A refinaria ficava num promontório, com seu próprio ancoradouro que se estendia por quatrocentos metros golfo adentro, e que Kasigi dissera ser capaz de suportar dois superpetroleiros ao mesmo tempo, qualquer que fosse seu tamanho. Em volta dos campos de pouso para helicópteros havia muitos hectares de instalações para destilação do petróleo e edifícios, tudo aparentemente interligado por quilômetros de canos de plástico e de aço de todos os tamanhos, um verdadeiro labirinto, com enormes torneiras e válvulas, estações de bombeamento e, em toda a parte, guindastes, tratores e enormes pilhas de todo o tipo de materiais de construção, montanhas de concreto e areia, malhas de aço reforçadas, além de áreas para entulho do tamanho de campos de futebol, de caixotes e recipientes protegidos por lonas plastificadas, e estradas, fundações, ancoradouros e escavações semiterminados. Mas quase tudo parado, homens e máquinas.

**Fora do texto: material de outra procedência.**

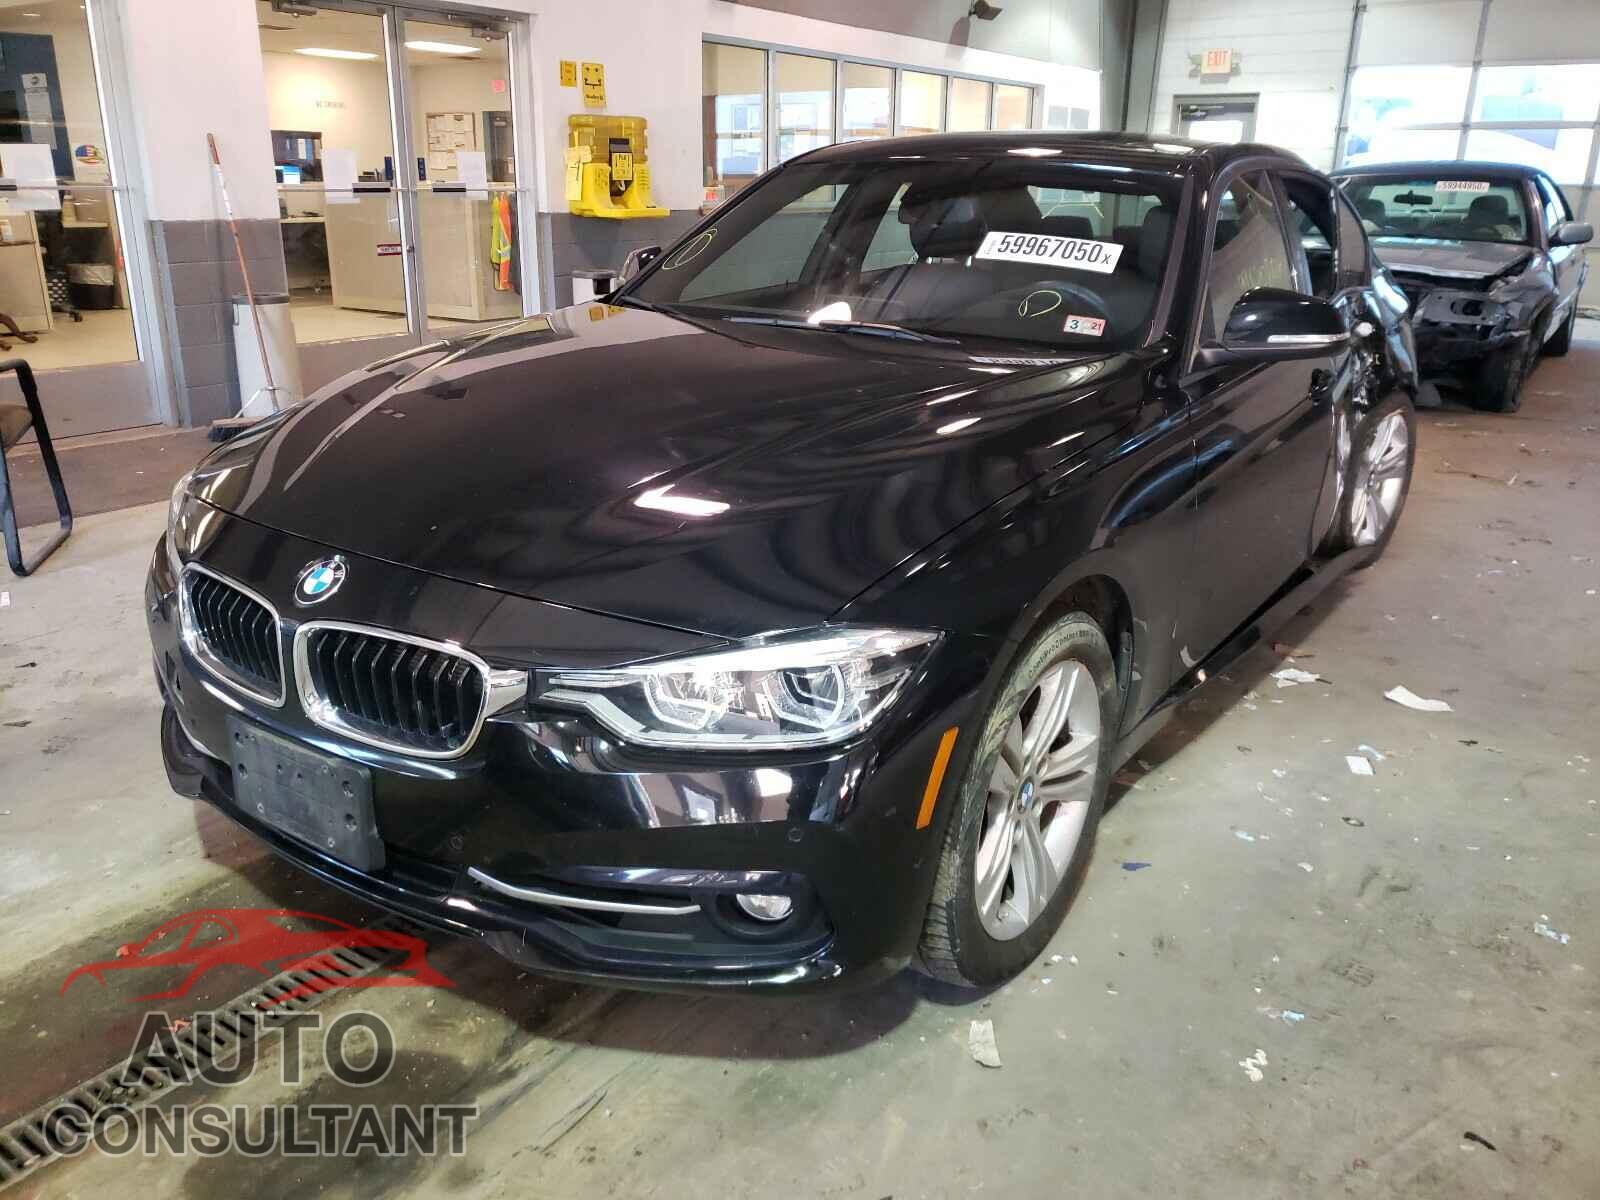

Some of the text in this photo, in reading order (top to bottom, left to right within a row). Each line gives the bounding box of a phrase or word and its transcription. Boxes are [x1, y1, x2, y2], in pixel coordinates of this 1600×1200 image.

[1207, 50, 1229, 65] EXIT
[1069, 319, 1102, 331] 3 21
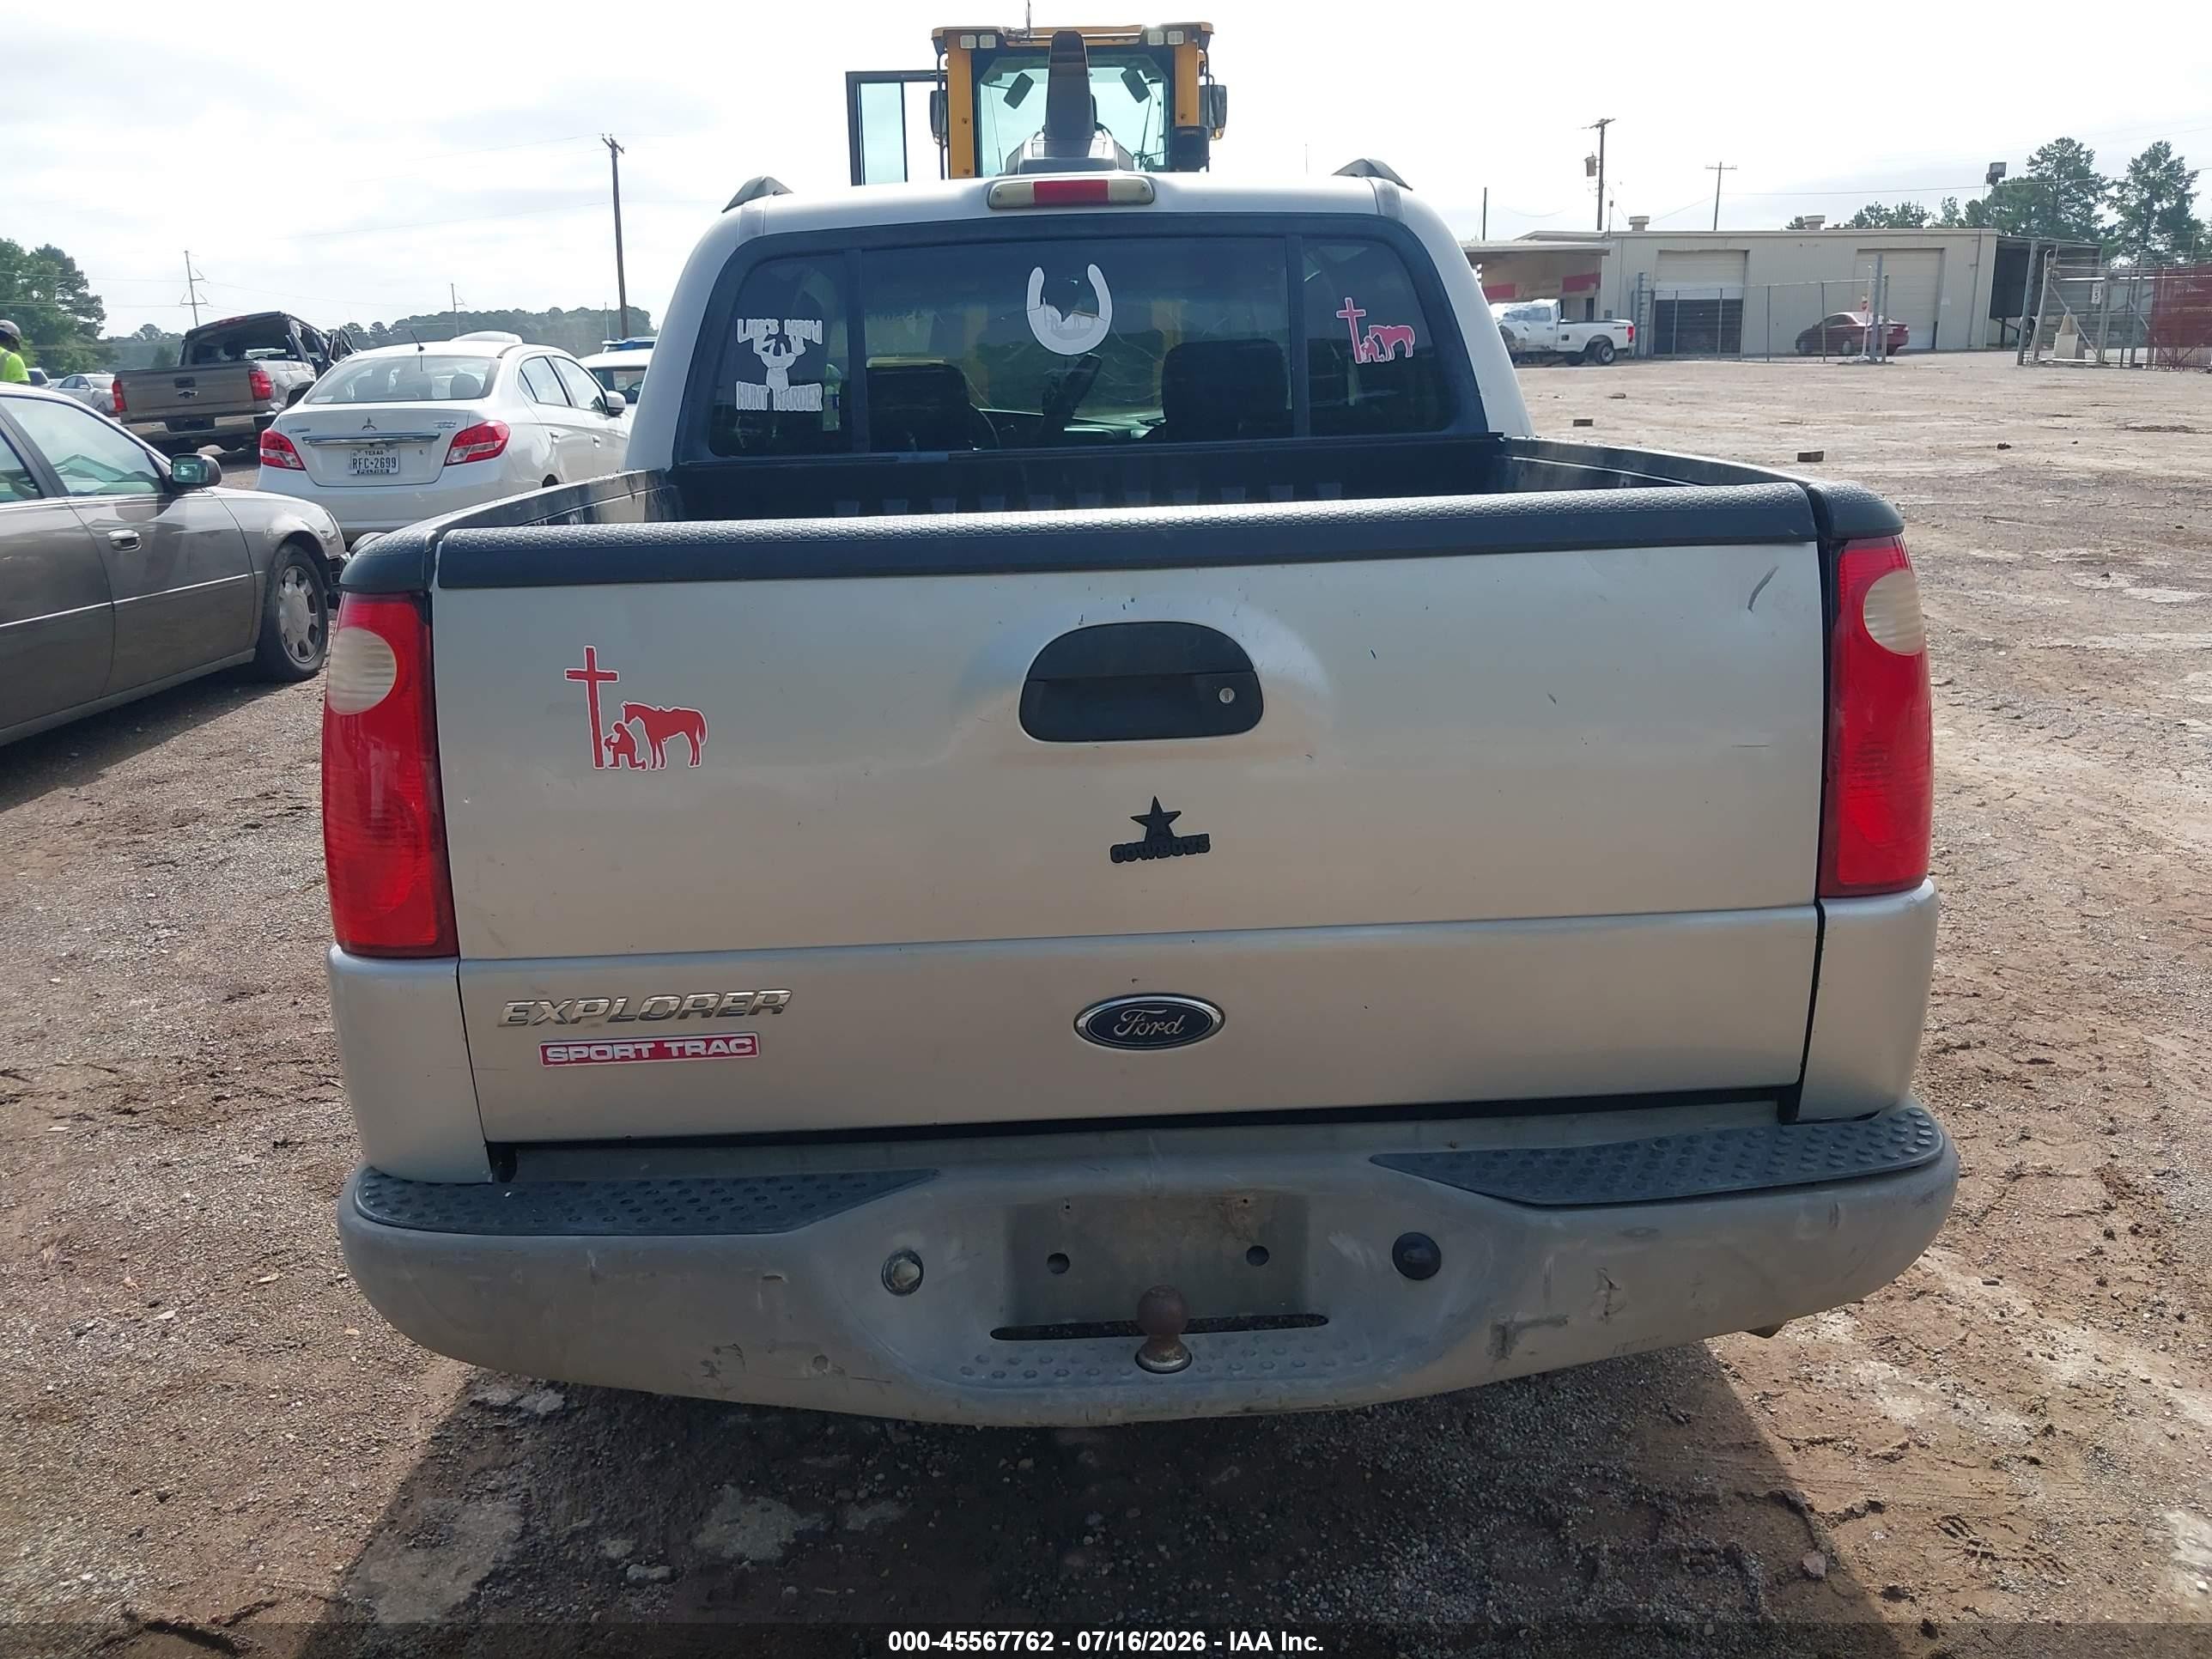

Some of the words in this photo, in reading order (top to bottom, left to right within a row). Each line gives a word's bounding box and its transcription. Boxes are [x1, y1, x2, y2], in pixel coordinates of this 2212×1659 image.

[736, 381, 769, 410] HUNT
[773, 383, 823, 411] HARDER
[1110, 834, 1211, 864] COWBOYS
[498, 988, 793, 1027] EXPLORER
[1113, 1009, 1185, 1036] Ford
[545, 1042, 656, 1063] SPORT
[664, 1037, 754, 1058] TRAC

Quando pousaram, havia um comitê de recepção de uns vinte ou trinta japoneses esperando no campo de pouso, reunidos apressadamente, e uns cem grevistas iranianos e guardas islâmicos armados, alguns usando braçadeiras da OILP, as primeiras que Scragger vira. Depois de muitos gritos e ameaças e de examinar os papéis deles e a licença pelo radar de Kish, o intérprete dissera que podiam ficar, mas que nenhum dos dois poderia partir, nem o helicóptero poderia decolar, sem permissão do komiteh.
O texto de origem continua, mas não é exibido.